The effect of Ca2+ binding on the 270 MHz 1H NMR spectrum of bovine cardiac troponin C (cTnC) was examined. Assignment of resonances in the aromatic spectral region to tyrosine residues 10, 111 and 150 was made for apo-cTnC and Ca-bound cTnC on the basis of decoupling experiments, pH titrations, temperature-induced changes, and gadolinium broadening experiments. The sequence homology which these tyrosine residues display with residues in 2 previously studied proteins, rabbit skeletal troponin C (sTnC) and bovine brain calmodulin was also used in the assignments. High-affinity Ca binding (up to 2 mol/cTnC) causes large alterations in the environments of tyrosines-10 and -150, indicating that the N terminus is probably buried in the protein interior.
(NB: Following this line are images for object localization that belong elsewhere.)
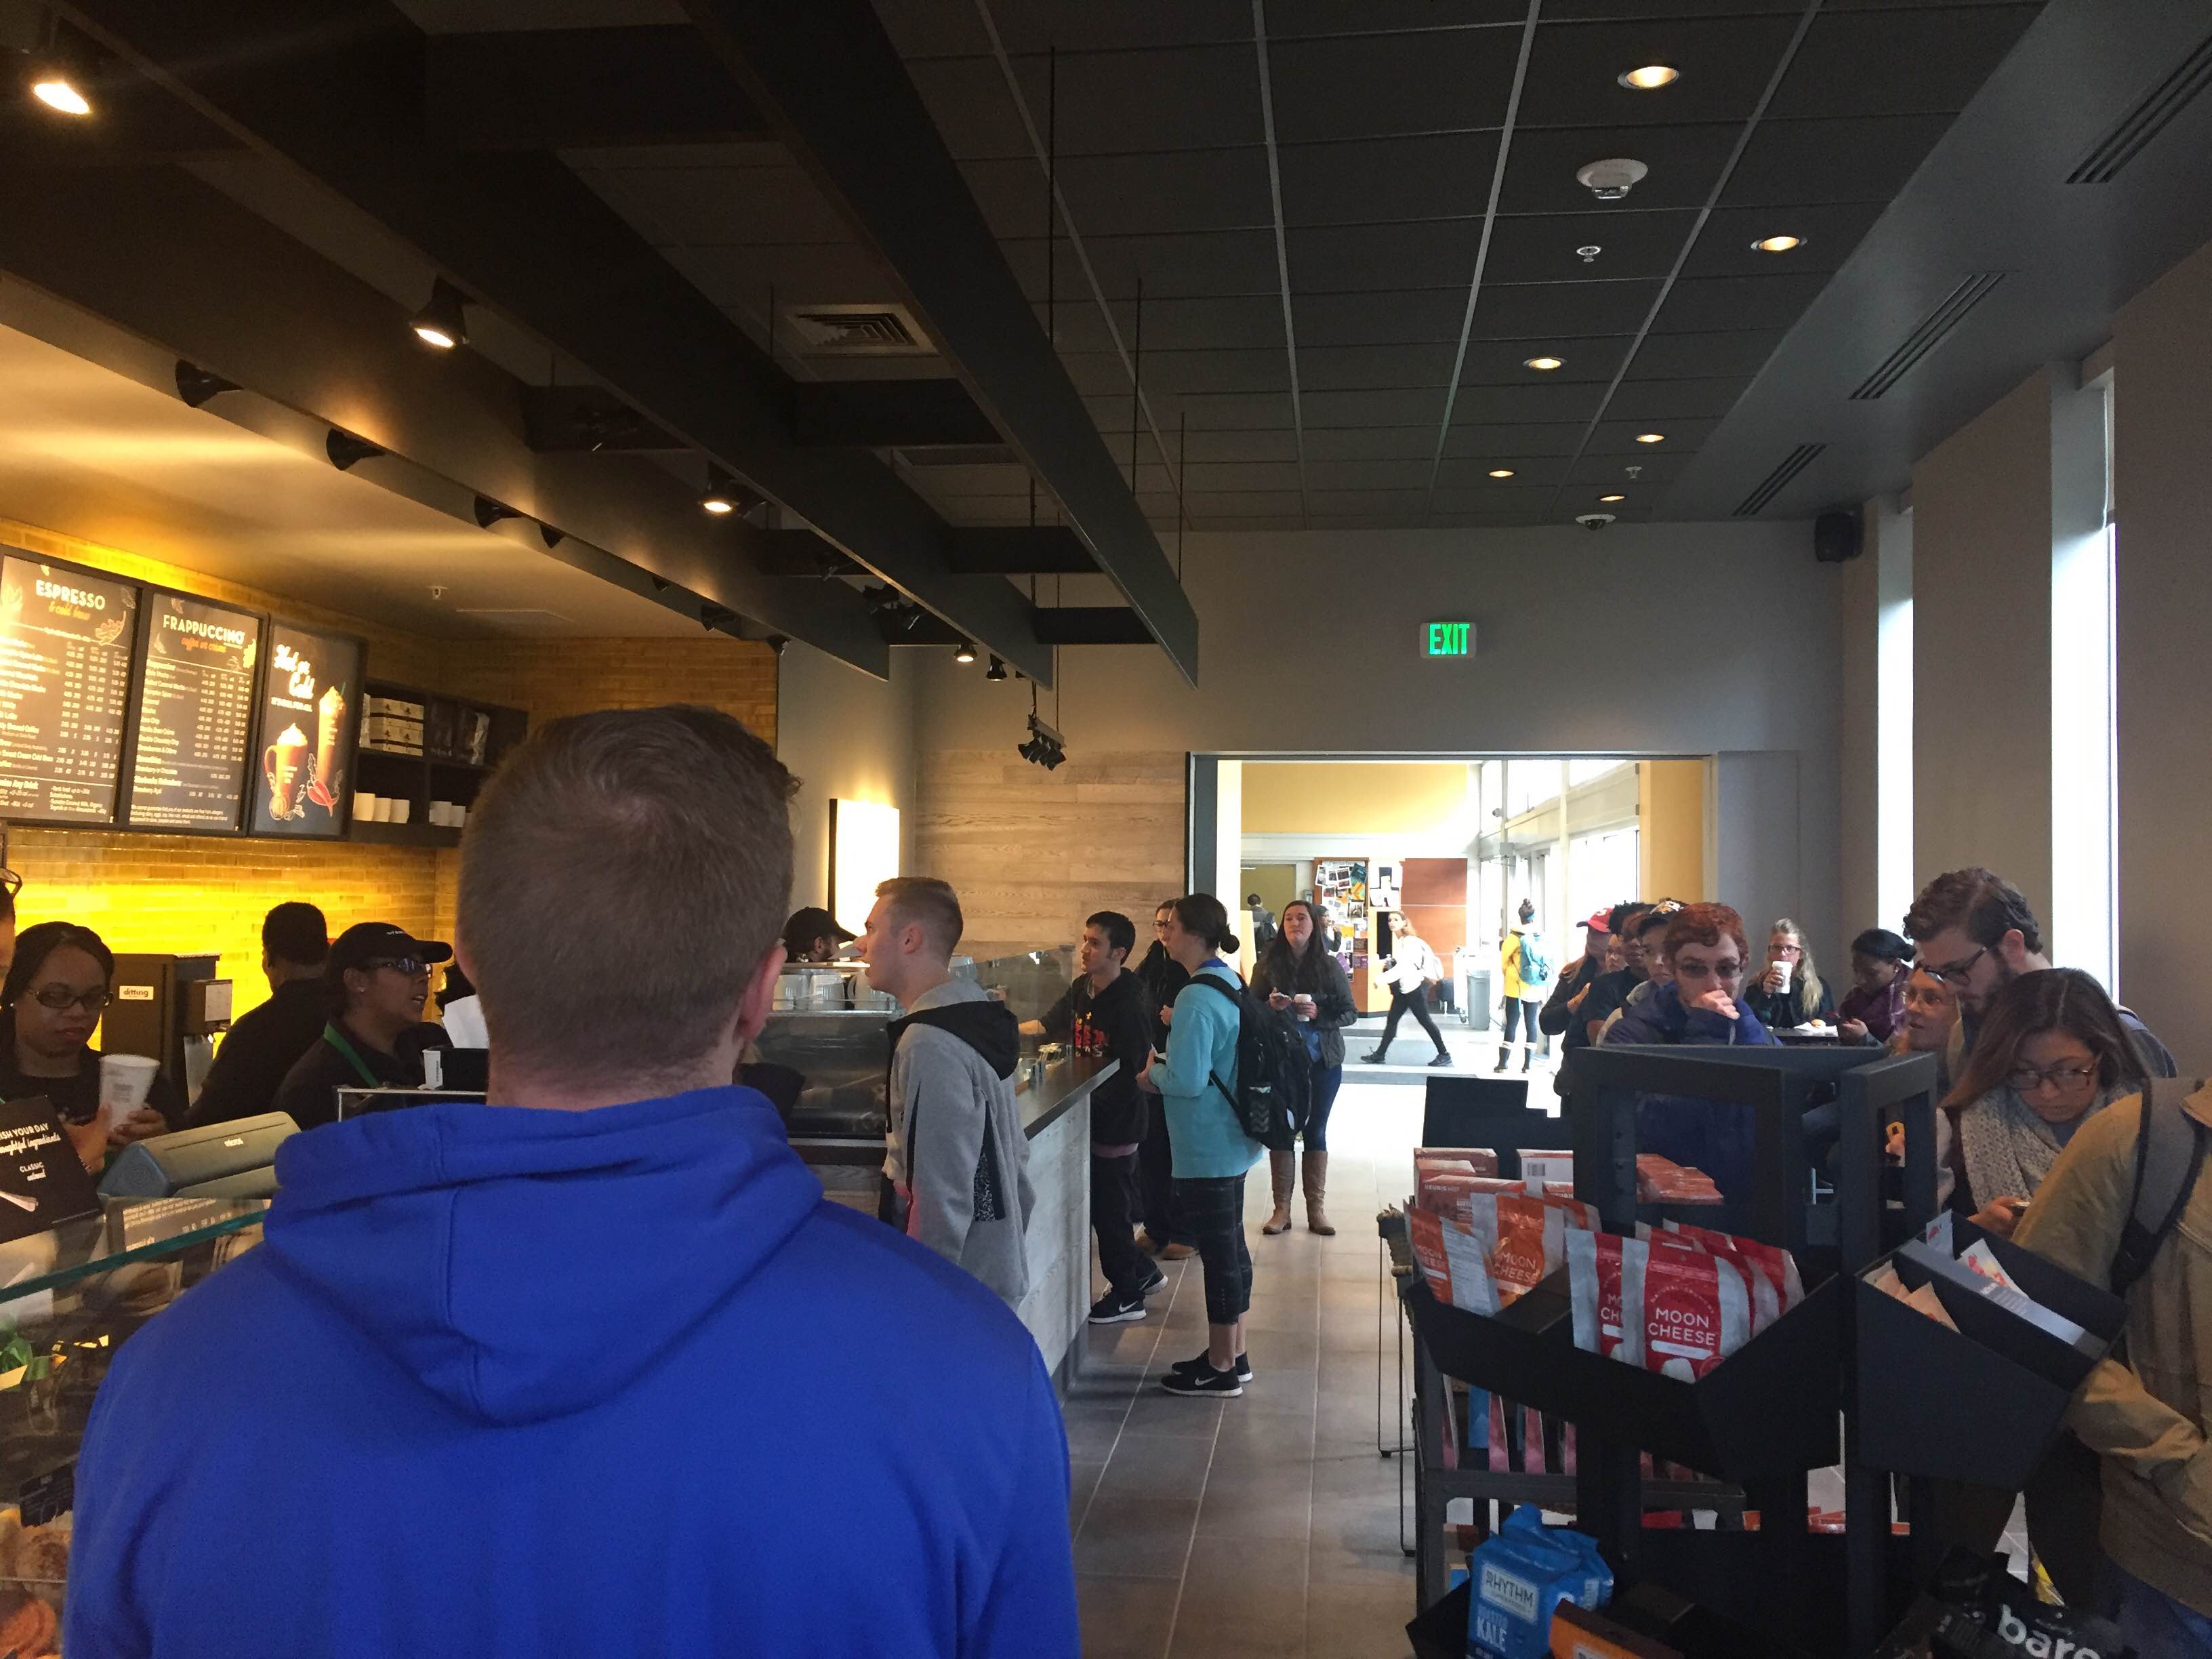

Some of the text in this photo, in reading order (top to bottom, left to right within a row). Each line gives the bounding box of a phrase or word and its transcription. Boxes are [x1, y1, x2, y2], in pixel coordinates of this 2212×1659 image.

[36, 579, 106, 610] ESPRESSO
[1429, 623, 1470, 655] EXIT
[124, 989, 148, 997] ditting
[0, 1122, 49, 1141] ISH YOUR DAY
[20, 1162, 44, 1172] CLASSIC
[1500, 1252, 1536, 1270] MOON
[1655, 1307, 1709, 1328] MOON
[1648, 1322, 1716, 1346] CHEESE
[1486, 1570, 1534, 1608] RHYTHM
[1475, 1616, 1507, 1652] KALE
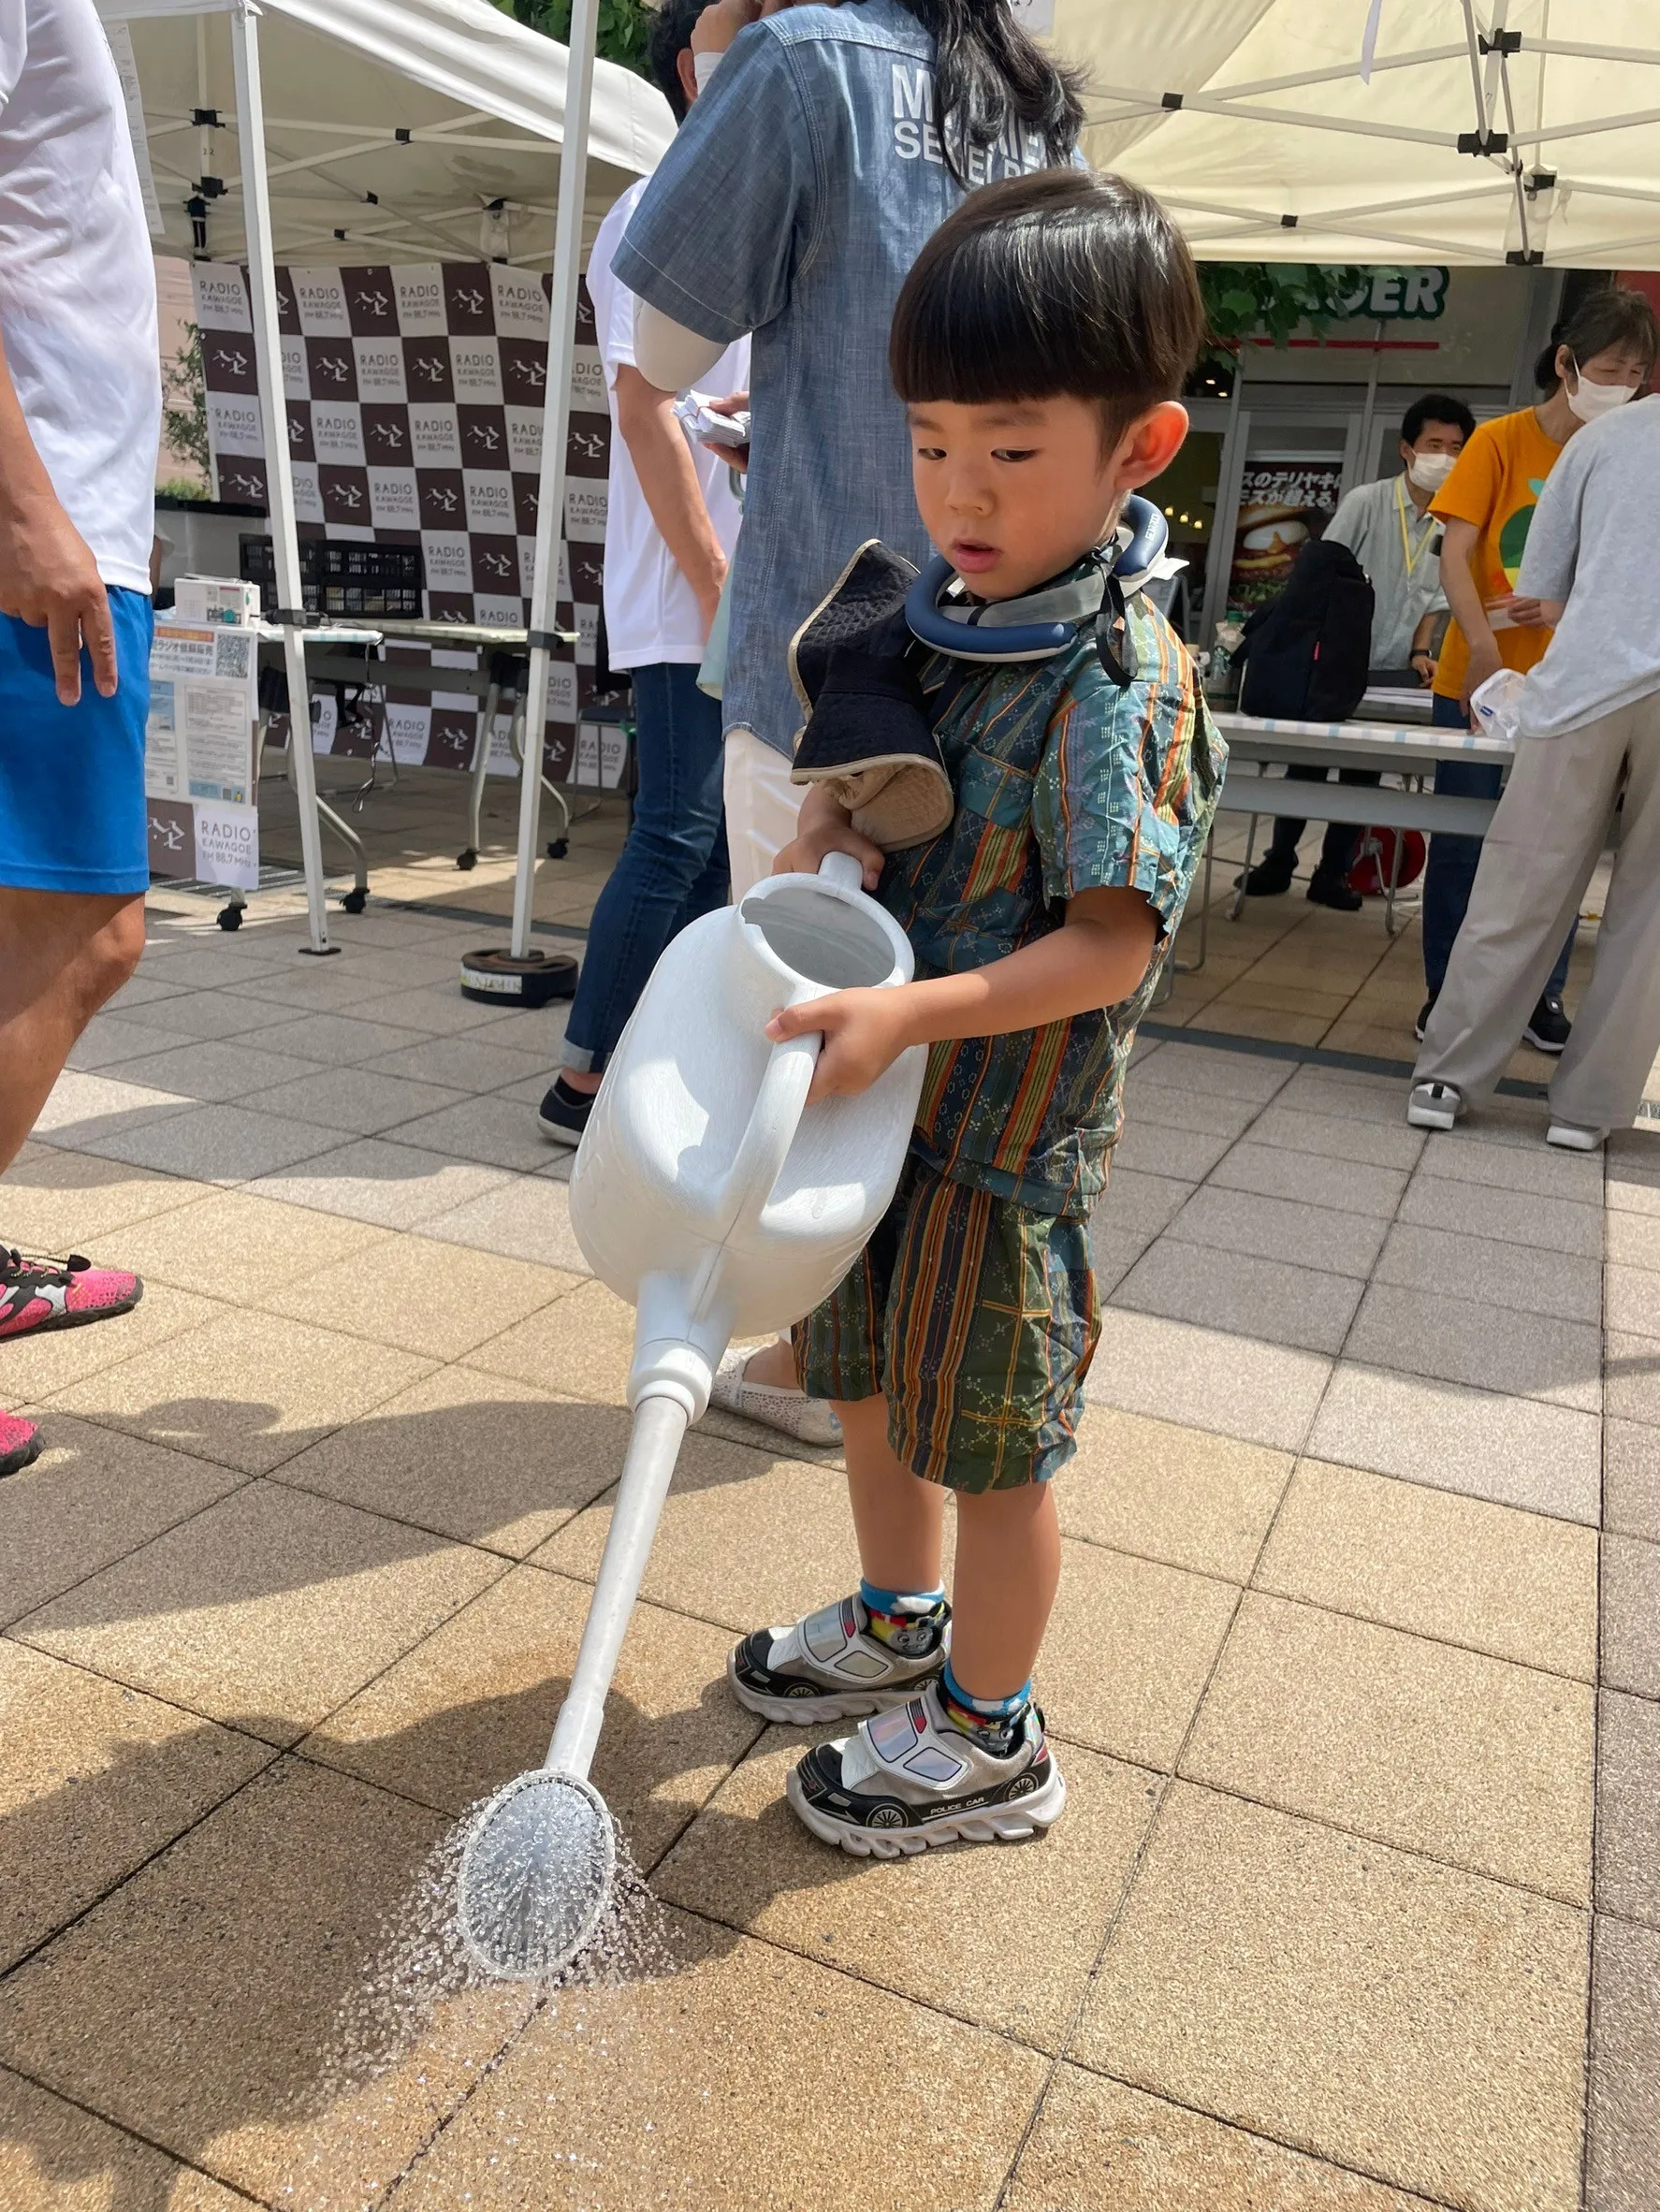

The evidence suggests that the environment of tyrosine-150 in Ca-saturated cTnC must closely resemble that of tyrosine-138 in calmodulin, in that it experiences the hydrophobic core of the protein. There is no similarity between these environments in the apoproteins. Dramatic alterations in phenylalanine resonances are seen during the binding of the 3rd mol of Ca, corresponding to filling the sole low affinity site. Comparison of the spectral features of cTnC with those previously reported for sTnC and calmodulin reveals many structural similarities which stem from their high degree of primary sequence homology.